Mainstream media is less likely to cover Black homicide victims and less likely to portray them as complex human beings, a new study shows.

When Raymond Griffin was shot and killed on a Chicago porch in 2016, he was a father to two children, an uncle, a cousin whose personality was “funny and crazy,” according to an online memorial.
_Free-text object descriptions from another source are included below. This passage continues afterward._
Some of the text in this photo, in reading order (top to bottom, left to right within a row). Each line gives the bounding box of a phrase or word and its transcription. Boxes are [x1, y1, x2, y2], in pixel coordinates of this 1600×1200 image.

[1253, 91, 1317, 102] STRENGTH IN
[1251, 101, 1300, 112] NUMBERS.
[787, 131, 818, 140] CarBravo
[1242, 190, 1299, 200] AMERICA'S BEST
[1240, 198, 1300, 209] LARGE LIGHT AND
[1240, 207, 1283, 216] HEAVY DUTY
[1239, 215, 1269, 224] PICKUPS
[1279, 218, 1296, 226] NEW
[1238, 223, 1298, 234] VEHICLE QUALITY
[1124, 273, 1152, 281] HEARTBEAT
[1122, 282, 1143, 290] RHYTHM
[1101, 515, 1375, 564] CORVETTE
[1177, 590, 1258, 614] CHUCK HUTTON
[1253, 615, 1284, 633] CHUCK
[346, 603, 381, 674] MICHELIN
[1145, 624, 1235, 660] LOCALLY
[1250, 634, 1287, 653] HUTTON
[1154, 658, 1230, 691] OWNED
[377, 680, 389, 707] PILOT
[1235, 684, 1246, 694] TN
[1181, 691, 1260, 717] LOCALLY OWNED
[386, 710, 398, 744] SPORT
But you’d never know that from the news coverage his death received.

“Raymond D. Griffin, 30, was shot in the neck and taken to Stroger Hospital, where he died at 6:30 p.m.,” the Chicago Sun-Times reported in November 2016. “He lived on the same block where the shooting happened.”
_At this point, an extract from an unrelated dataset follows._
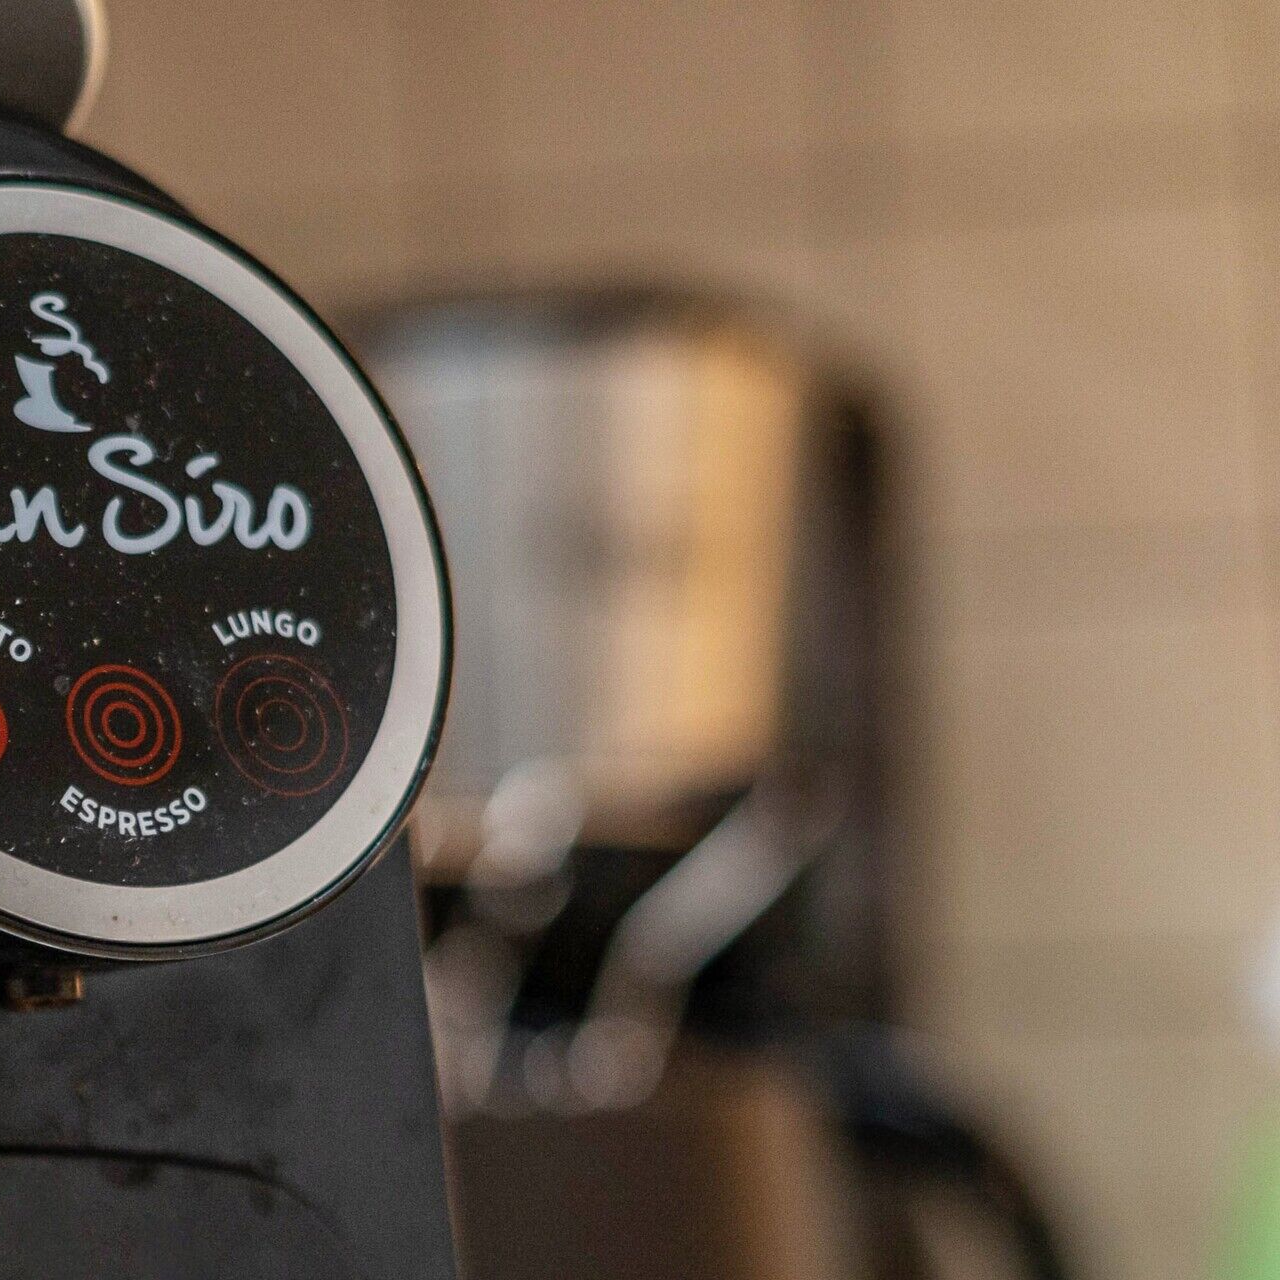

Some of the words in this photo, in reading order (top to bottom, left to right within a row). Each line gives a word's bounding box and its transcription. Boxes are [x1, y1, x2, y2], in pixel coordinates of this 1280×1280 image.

[88, 434, 308, 555] Siro
[210, 608, 322, 648] LUNGO
[58, 785, 208, 838] ESPRESSO
In a newly published study, a group of sociology researchers gathered all the mainstream print and digital news reports about all the murders in Chicago during 2016, and found that Griffin’s treatment fit a pattern: Homicides in predominantly Black neighborhoods received less coverage than those in predominantly White neighborhoods, and the coverage of murders in Black areas was less likely to portray victims as complex human beings.
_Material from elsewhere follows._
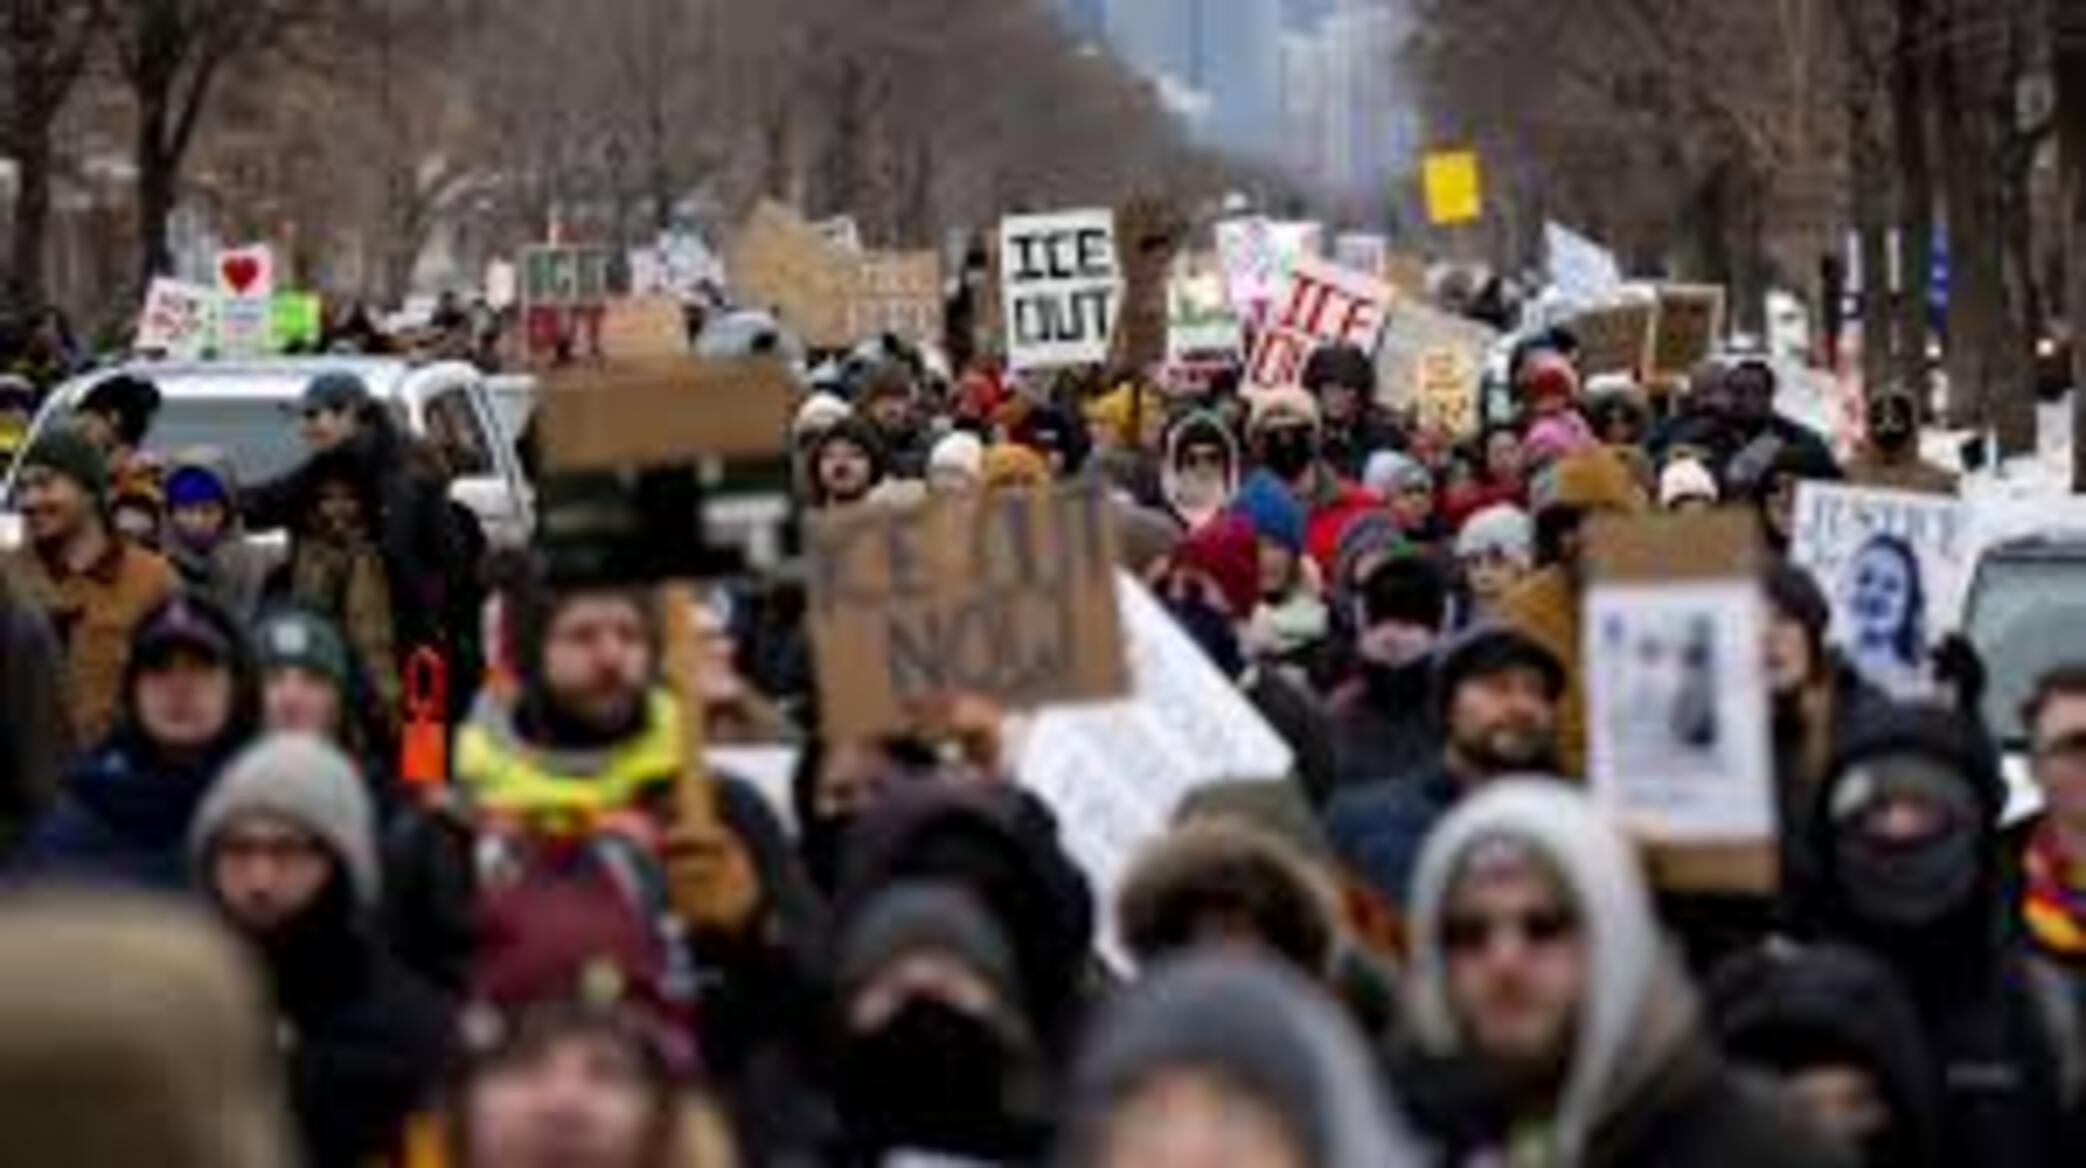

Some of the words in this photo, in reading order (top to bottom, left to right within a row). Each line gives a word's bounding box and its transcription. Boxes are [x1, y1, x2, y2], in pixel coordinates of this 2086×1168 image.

It’s reflective, the authors say, of a sense that violence is routine and expected in certain areas, and tragic and newsworthy in others. And the lopsided coverage contributes to a feedback loop, “reinforcing this idea that certain neighborhoods are inherently dangerous and unsafe, and others are made up of cousins and sons and mothers,” said Shannon Morrissey, a doctoral student in sociology at the University of Chicago and one of the paper’s authors.